No one has the details of why Renault-Nissan head Carlos Ghosn was arrested — but here are the main theories

carlos ghosn

Last week, the auto industry was rocked to its core when legendary executive Carlos Ghosn was arrested in Japan.

Ghosn, 64, was chairman and CEO of Renault, chairman of Nissan, chairman of Mitsubishi, and the architect of a tripartite alliance that in 2017 was the world's biggest automaker by sales.

Ghosn was a celebrity CEO, a Brazilian-born leader of Lebanese descent who came of age in France. In the early 2000s, Ghosn took charge at the newly formed Renault-Nissan alliance and steered the two automakers toward revival and global dominance, competing in numerous markets and challenging General Motors, Toyota, and Volkswagen.

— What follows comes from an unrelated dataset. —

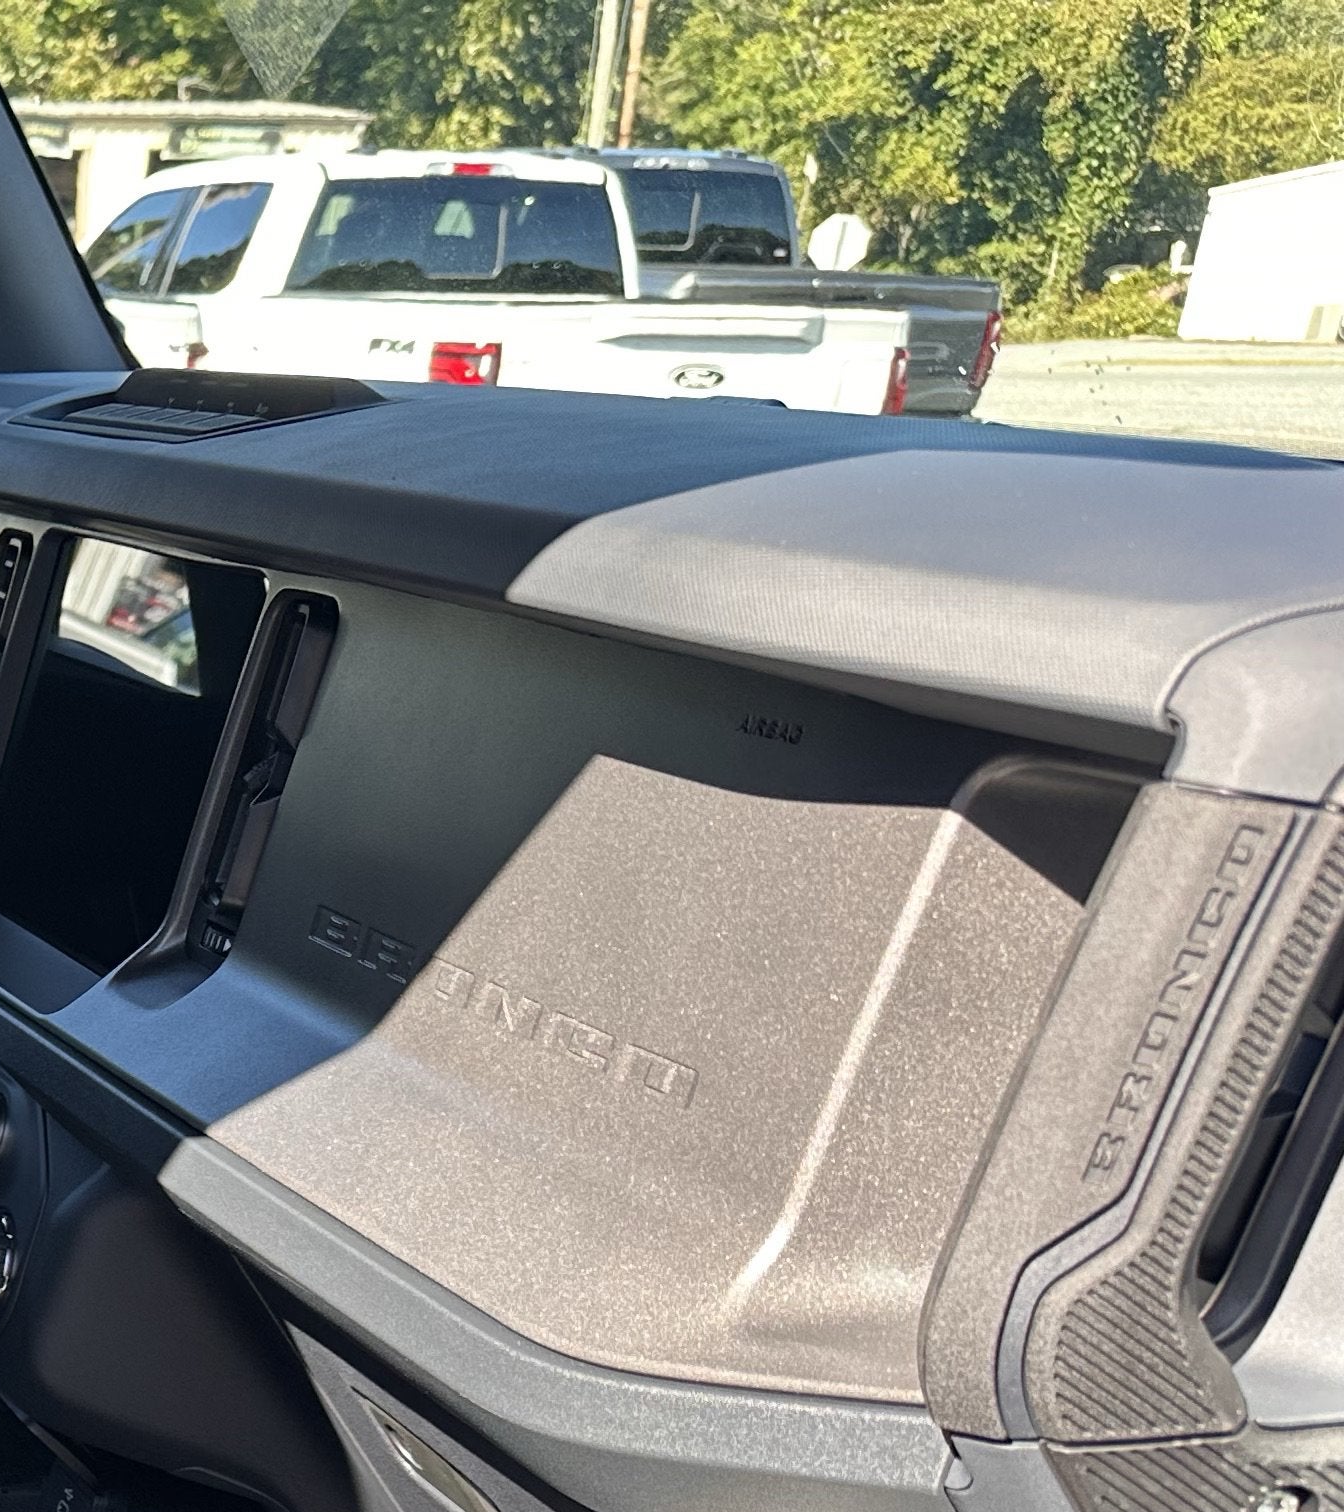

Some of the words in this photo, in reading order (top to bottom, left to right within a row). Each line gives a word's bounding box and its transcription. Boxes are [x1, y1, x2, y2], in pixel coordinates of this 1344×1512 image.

[735, 713, 805, 745] AIRBAG
[308, 904, 699, 1109] BRONCO
[1081, 823, 1264, 1182] BRONCO

He was feted in Japan, where, as an outsider, he broke into that country's insular auto industry. As with the late Fiat Chrysler Automobiles CEO Sergio Marchionne, his every utterance was closely followed on the worldwide car circuit. He was wildly successful, risk-taking, borderline arrogant and at-times despotic, but also considered incredibly wise.

Following his arrest, Nissan revealed that it has passed along a whistleblower tip to the Japanese authorities, leading to allegations that Ghosn had been detained in Japan due to financial misdeeds and fraud. Auto executives have fallen before, but none were as big as Ghosn, and none had enjoyed such long careers at the top.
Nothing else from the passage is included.